What roles for AI safety institutes?

Survey the unpredictability of AI systems. By nature, AI models are complex and unpredictable. The current state of AI technology makes it difficult to predict how a model will respond to new, unseen inputs or assess its capabilities’ upper limits. This poses significant challenges in terms of safety and reliability. For instance, the potential to extend an AI system’s functions through tools or other expansions complicates safe deployment and use. Given the vast uncertainty about the capabilities and potential risks of the next generations of AI models, evaluations and safeguards that work today may not work tomorrow.

Evaluation standards and information gathering. While AI developers conduct safety research and evaluations, there are no standard approaches to quality and consistency. Moreover, certain evaluations, particularly those involving national security, may only be conducted by government bodies authorised to access and handle sensitive information. By establishing AISIs, governments can develop a robust body of knowledge on AI’s capabilities, its impact on society, and its development trajectory, which is essential for creating informed policies and standards, including at the international level.

Build consensus for better AI governance. AI safety institutes bridge theoretical AI research and practical governance, ensuring policymakers are well-informed and prepared to make good decisions. They could also help foster global scientific consensus on the capabilities and risks of AI models and how to carry out robust tests and evaluations.

Variations in AI safety institutes across countries. Countries vary on the specific role of their AISI. In the UK, for example, the mission of the AI Safety Institute is explicitly to “minimise surprise to the UK and humanity from rapid and unexpected advances in AI.” Other institutes in the U.S., Canada, Japan, or Singapore have similar but distinct mandates. The U.S. AI Safety Institute will coordinate diverse actors nationally and internationally to develop robust AI safety and testing standards. Other bodies are more than technical centres of expertise. For instance, the European Union’s new AI Office has regulatory powers, can request information from model providers, and can apply sanctions to enforce the AI Act.

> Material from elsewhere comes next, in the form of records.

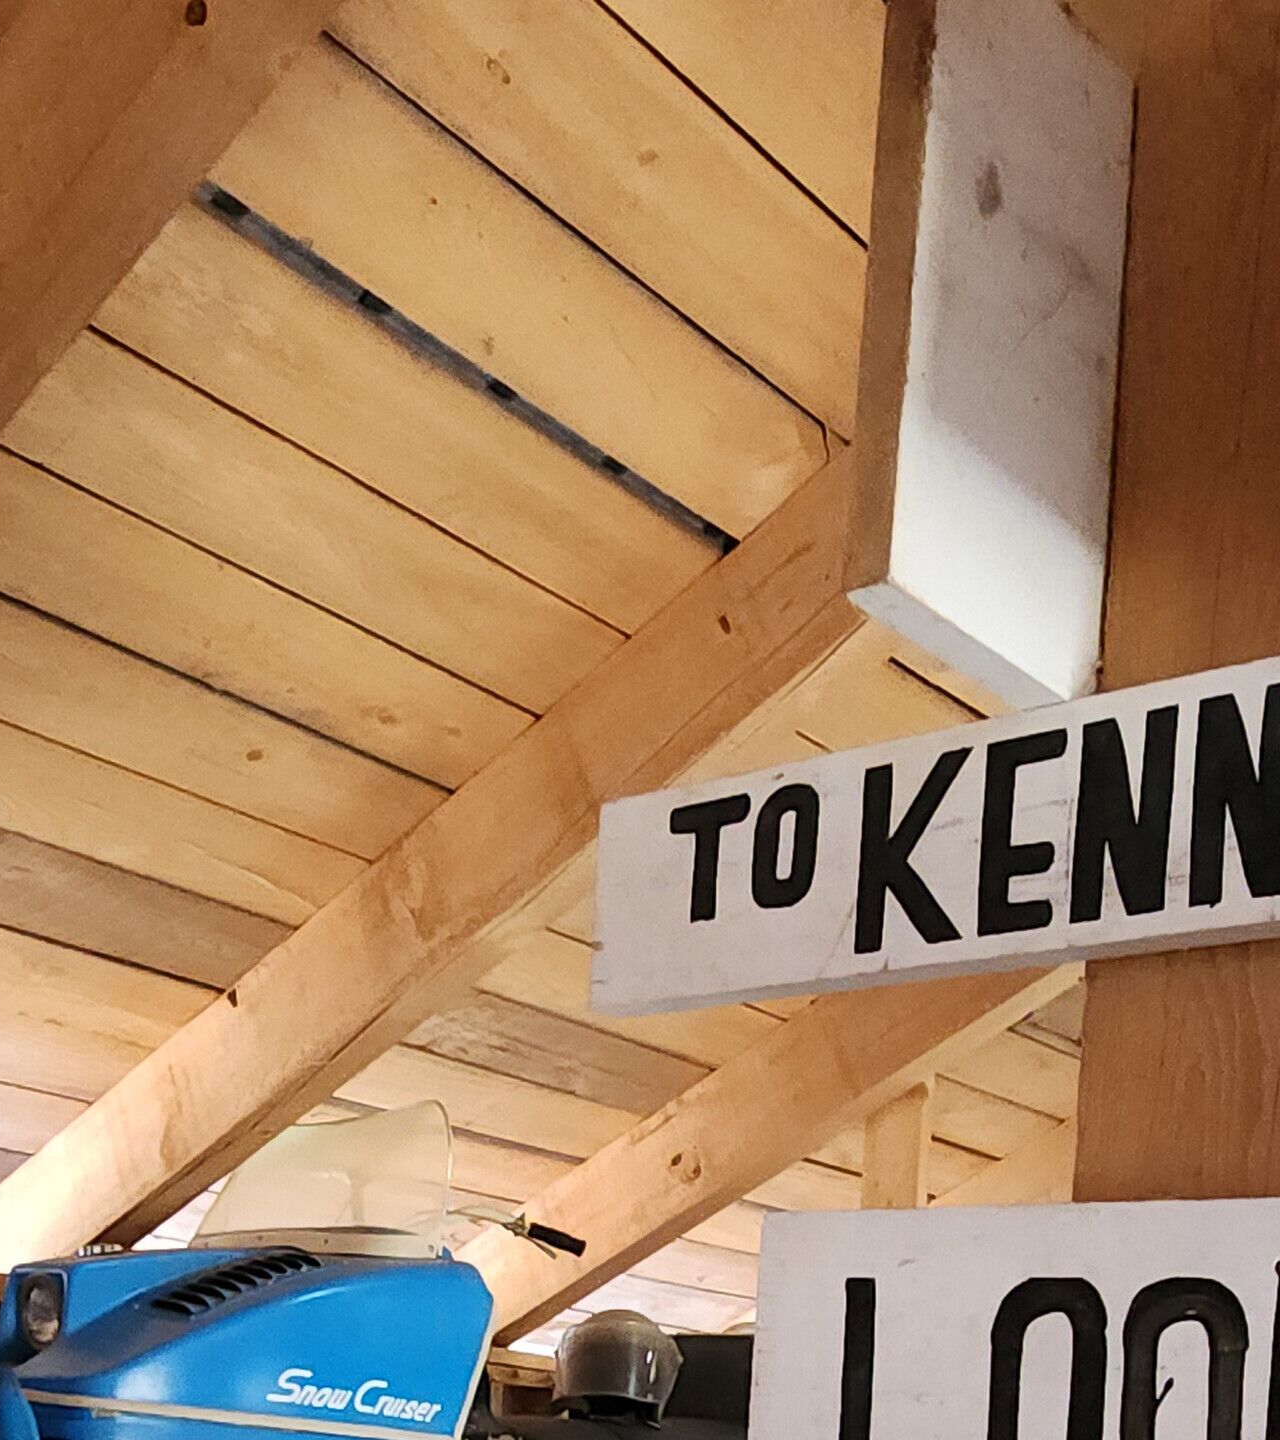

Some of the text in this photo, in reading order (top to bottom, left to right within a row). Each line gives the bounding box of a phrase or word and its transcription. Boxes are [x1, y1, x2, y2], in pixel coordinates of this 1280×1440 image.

[669, 782, 819, 923] TO
[266, 1367, 442, 1423] Snow Cruiser
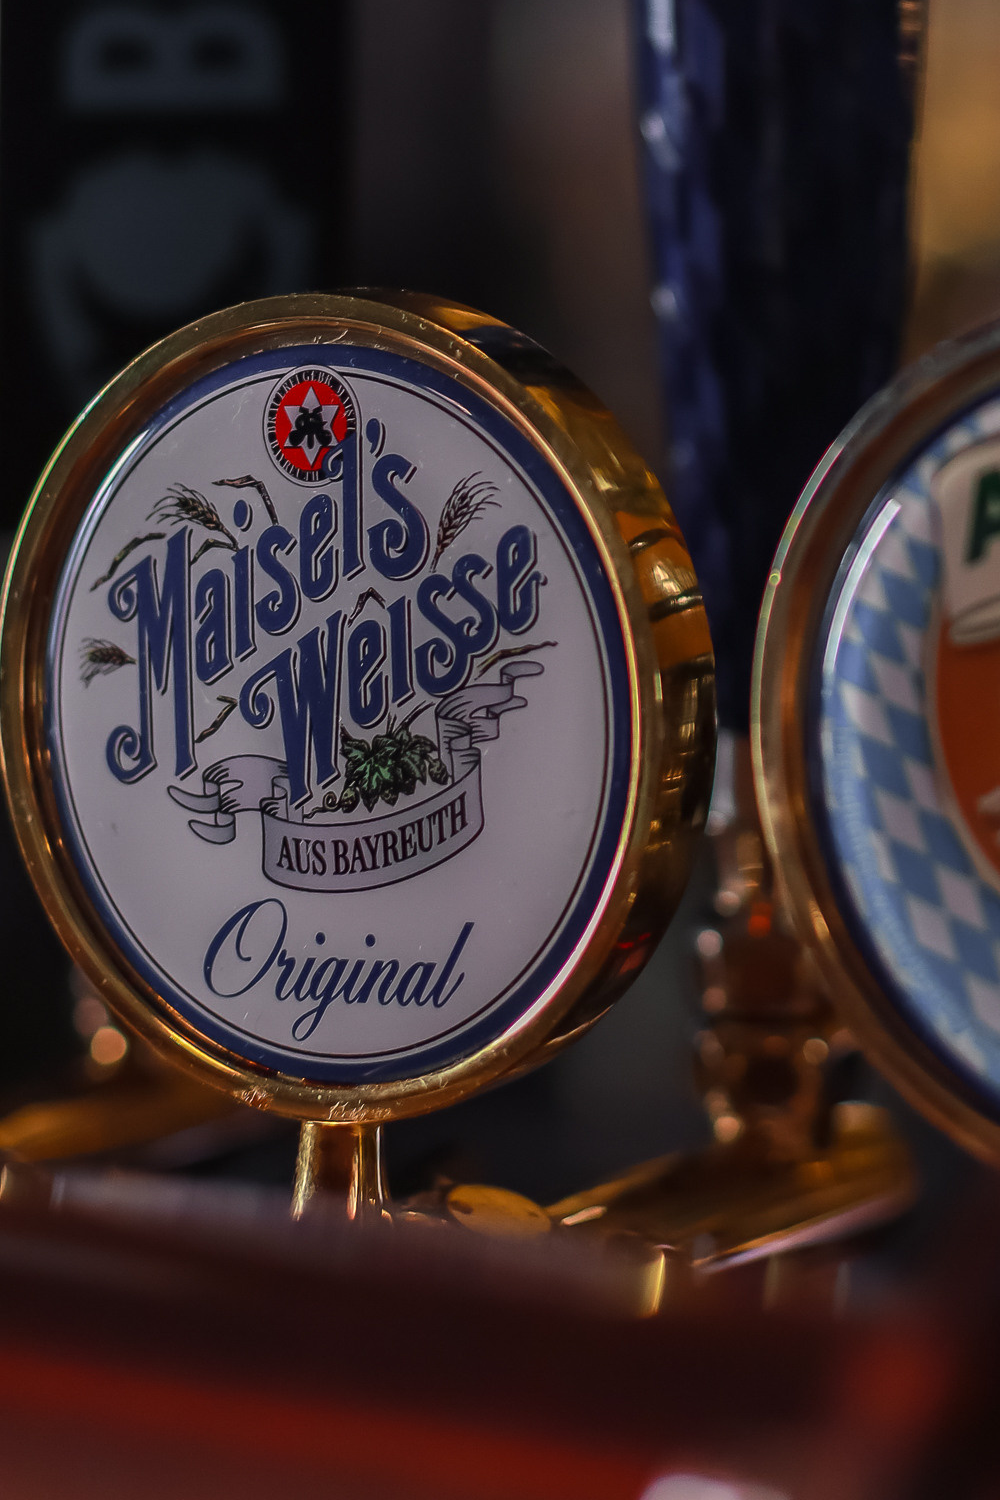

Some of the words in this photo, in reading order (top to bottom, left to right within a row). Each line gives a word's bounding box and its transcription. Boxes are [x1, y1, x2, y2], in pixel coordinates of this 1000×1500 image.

[106, 418, 428, 784] Maisel's
[240, 525, 547, 808] Weisse
[276, 836, 327, 875] AUS
[333, 791, 468, 875] BAYREUTH
[203, 898, 475, 1041] Original

On the whole, AI safety institutes could fulfil three primary functions:

  1. Evaluate AI systems: One crucial role these institutes could play is to improve our evaluation tools. AISIs can help assess the safety-relevant capabilities of advanced AI systems, the security of the systems, and their potential societal impacts. Despite the need for these evaluations, there has yet to be a way to conduct them.
  2. Conduct foundational research: AISIs may be pivotal in initiating and supporting foundational research in AI safety. This includes sponsoring exploratory projects and bringing together researchers from various disciplines with academic and industry stakeholders. This is key, as AI safety and evaluations are nascent interdisciplinary fields requiring further scientific advances.
  3. Facilitate information exchange: AISIs could help disseminate crucial knowledge and insights about AI technologies by establishing national and international information-sharing channels. This is vital for fostering collaboration and coordination among stakeholders, including policymakers, private companies, academia, and the public.

The promise of international coordination

From their inception, AI safety institutes have been envisioned as crucial players in the international arena. The United Kingdom’s initial announcement emphasised that its institute would make its findings globally accessible to enable coordinated responses to the opportunities and risks posed by AI. A rapid progression in international partnerships followed this announcement. The UK and the US committed to collaborative efforts, including the development of comprehensive evaluation suites for AI systems and the execution of joint testing exercises on publicly accessible AI models. These initiatives extend to personnel exchanges and reciprocal information sharing concerning AI risks and capabilities. The UK and Canada launched a similar partnership, which also focused on sharing computing resources crucial for AI safety research and evaluations.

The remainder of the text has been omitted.